Updated on April 7, 2017

In a time of a tumultuous presidency in the U.S., terrorism has been at the forefront of every American's mind. However, is it not the States, this time, that need worry of attacks from the air. On April 3, 2017, Syria experienced one of the worst chemical bombings in its nation. The Northern rebel-held area became a toxic kill zone, due to international outrage over the increasing government impunity the country has shown over the last six-year war.

According to the New York Times, the gas spread after warplanes dropped bombs containing deadly gasses, in the early morning hours. Unsuspecting Syrian's breathed in what is thought to have been a nerve agent or other banned chemicals. Live images flooded the pages of Facebook showing many people, including children, dying as they foamed at the mouth, gasping for air.

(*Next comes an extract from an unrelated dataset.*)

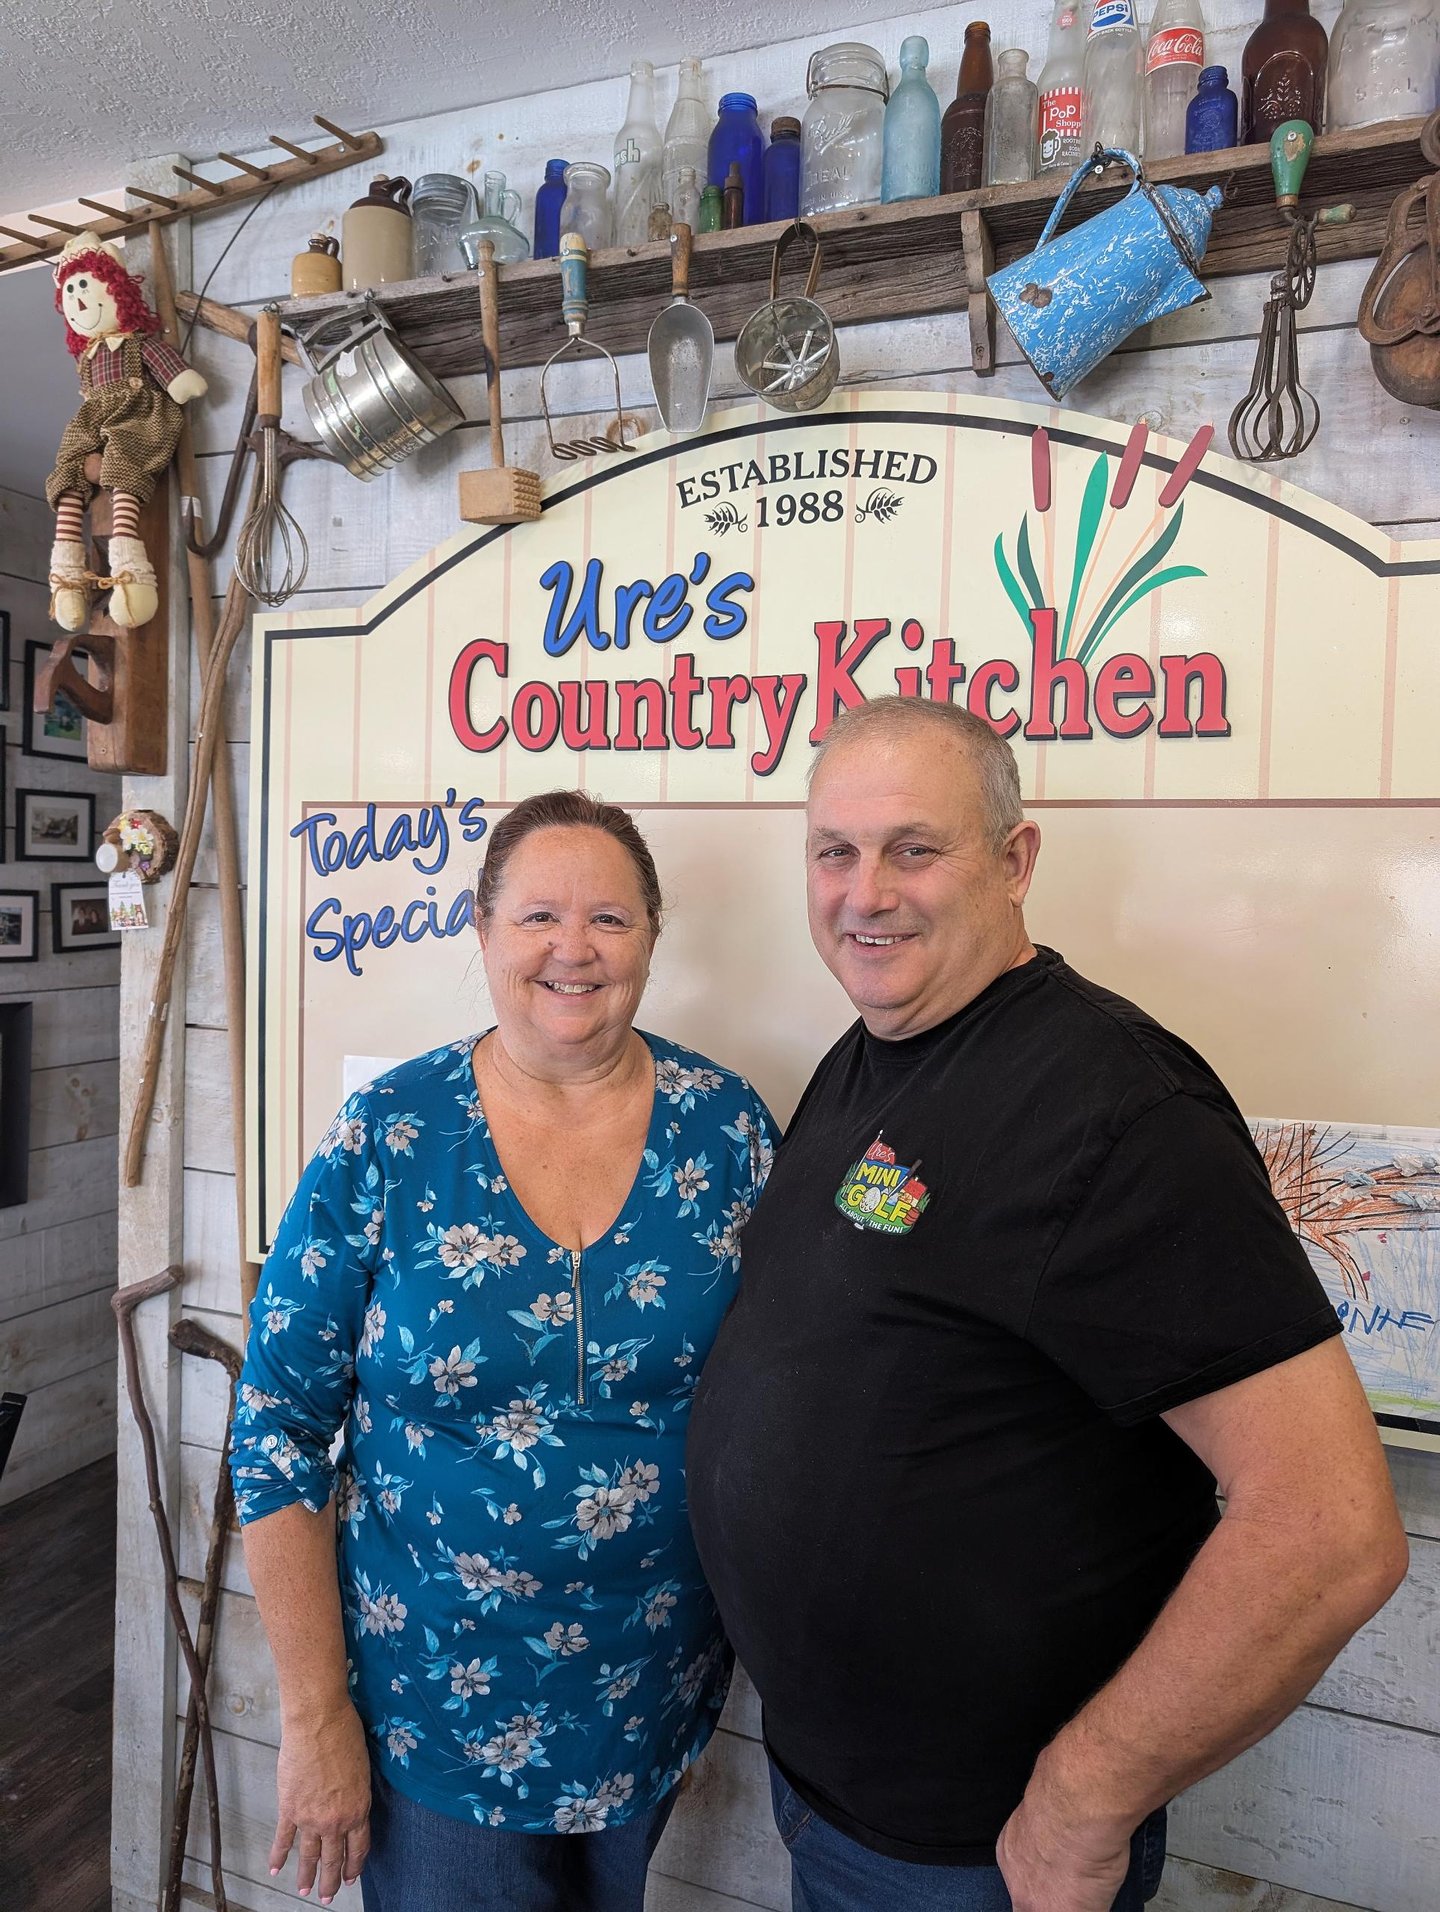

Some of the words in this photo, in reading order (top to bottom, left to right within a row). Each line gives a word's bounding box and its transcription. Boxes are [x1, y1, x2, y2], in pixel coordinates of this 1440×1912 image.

Immediately after the attack the Health Department in Idlib Province, where the bombing took place, provided a list of names of the 69 people that had died. However, humanitarian groups were still identifying bodies, saying as many as 100 people may have died.

Paying the Deepest Price

The White House and United Kingdom (UK) are blaming the Syrian President Bashar al-Assad's regime for the airstrike on the town of Khan Sheikhoun, in the early morning hours, while many still slept. Syria has denied using chemical weapons, instead, saying that deaths resulted from a weapons factory on the ground, which the regime airstrike hit, leading to the gasses being released. However, witnesses on the Turkish side of the border say different. They told CNN that they saw the chemical bombs dropped from the air.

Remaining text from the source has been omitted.